Проснулся с утра, и понял, что мне — надо, и так срочно, что ещё чуть, и будет постыдная авария! Грибочки на клапан поддавливают…
Сидя на топчане, суетливо надел брюки, и, не надевая
носки, поскакал к порогу по стылому, недавно крашеному полу. Сунул босые ноги в старые галоши, которые мы используем, если нужно ненадолго выскочить во двор, даже не накидывая куртку поверху, и вперёд, к заветной цели!Сжав ягодичные мышцы, семенящей походкой спешу к заветной будочке, и меня не пугают ни запахи, ни…
… раздавший хруст, плеск, а потом сдавленное:
— Баба… бабушка-а…
— Да что ты будешь… — длинно сплюнув подступившую к горлу желудочную кислоту, я оценил выползшего из самых глубин ада дерьмодемона по имени Света.
Девочка, оцепенев, стоит возле туалета с задранным до пупа платьем и спущенными до лодыжек трусами, растопырившись морской звездой. А до самой груди…
… то самое, и оно, мать его стекает…
Оценив длинного, жирного глиста, сползающего у девочки по ноге, я отвернулся, пока не сблевал, и заспешил назад. А запахи… чёрт!
— Да чтоб тебя… — с досадой прошипел я, чувствуя, что вот-вот, и во дворе барака будет два дерьмодемона! Собрав волю в кулак, досеменил до нашей комнаты, взял лежащую у двери старую газету, и заспешил на зады барака.
Успел… хотя катастрофа была так близка! Возвращаясь с остатками газеты, несколько озябший от утренней прохладцы, я ненароком увидел, как всхлипывающую Светку, стоящую голышом на каких-то досках, с оханьем и причитанием бабка поливает сверху водой.
А запахи… Да и зрелище не Бог весть какое-то вдохновляющее. Нечто тощее, состоящее из одних коленок, локтей и ребёр, стоящее вполоборота и дрожащее на ветру под холодной водой.
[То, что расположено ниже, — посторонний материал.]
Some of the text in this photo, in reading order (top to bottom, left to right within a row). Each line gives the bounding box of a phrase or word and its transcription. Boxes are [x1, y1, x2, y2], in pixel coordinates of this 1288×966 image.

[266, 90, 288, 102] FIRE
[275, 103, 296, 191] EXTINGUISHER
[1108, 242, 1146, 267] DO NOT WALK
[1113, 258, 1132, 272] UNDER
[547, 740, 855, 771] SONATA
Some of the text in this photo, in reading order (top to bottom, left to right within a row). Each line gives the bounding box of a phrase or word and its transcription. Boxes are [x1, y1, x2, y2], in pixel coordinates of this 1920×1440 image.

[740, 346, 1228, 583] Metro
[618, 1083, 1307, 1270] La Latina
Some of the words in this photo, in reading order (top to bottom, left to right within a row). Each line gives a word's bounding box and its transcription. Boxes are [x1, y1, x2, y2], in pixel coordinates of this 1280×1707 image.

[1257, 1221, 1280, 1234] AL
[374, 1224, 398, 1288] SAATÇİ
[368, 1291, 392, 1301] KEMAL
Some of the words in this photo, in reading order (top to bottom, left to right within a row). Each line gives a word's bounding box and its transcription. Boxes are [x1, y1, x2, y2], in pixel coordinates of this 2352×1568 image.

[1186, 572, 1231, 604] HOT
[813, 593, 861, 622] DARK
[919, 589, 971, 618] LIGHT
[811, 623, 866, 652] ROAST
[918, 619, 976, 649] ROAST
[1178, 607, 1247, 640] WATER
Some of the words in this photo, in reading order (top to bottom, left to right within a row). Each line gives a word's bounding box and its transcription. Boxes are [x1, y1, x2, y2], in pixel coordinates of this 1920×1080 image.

— Што уставился? — вызверилась на меня бабка, загораживая внучку, — Иди куда шёл! А то ишь… порченый, а туда же! На нормальных девок заглядывается!
« — Ах ты старая сука…» — подумал я, не слушая больше её ругательства, в которым поровну доставалось девочке и почему-то — мне… Нет, я понимаю — в сердцах сказануть что-то, но… порченый? И ладно бы брякнуть… но она, сука старая, как заведённая, в одну точку бьёт!
Здесь к таким вещам ох как чутко относятся! А уж с соседями стараются не ссориться ни в коем разе. Коммунальная квартира, даже если это барак, то ещё… минное поле.
— Что там? — сонно заворочалась мать, выглядывая из-под большого одеяла.
— А… Светка в нужник провалилась, — с мстительным удовольствием поведал я, — сейчас её там бабка отмыть пытается.
— Светка? — проснулся отец и заворочался, усаживаясь на кровати и потянувшись за папиросами.
— Быстро аукнулось, — покачал он головой, чиркая спичкой и прикуривая.
— Ох и ругается, наверное, Антонина на внучку… — зевнула мать.
— Ага… и на меня почему-то, — мстительно скидываю информацию, — Там мимо никак не пройти было, а она — чего ты за девками подглядываешь, выблядок порченый?!
— Та-ак… — нехорошо сощурилась мама.
— Ага… а на что там глядеть-то? — пренебрежительно пожимаю плечами, делая вид, что не замечаю этого прищура, — Она и так-то не красавица, да и не выросло ещё ничего! Я бы если уж и взялся подглядывать за кем, то уж точно постарше нашёл бы… хм, предмет обожания.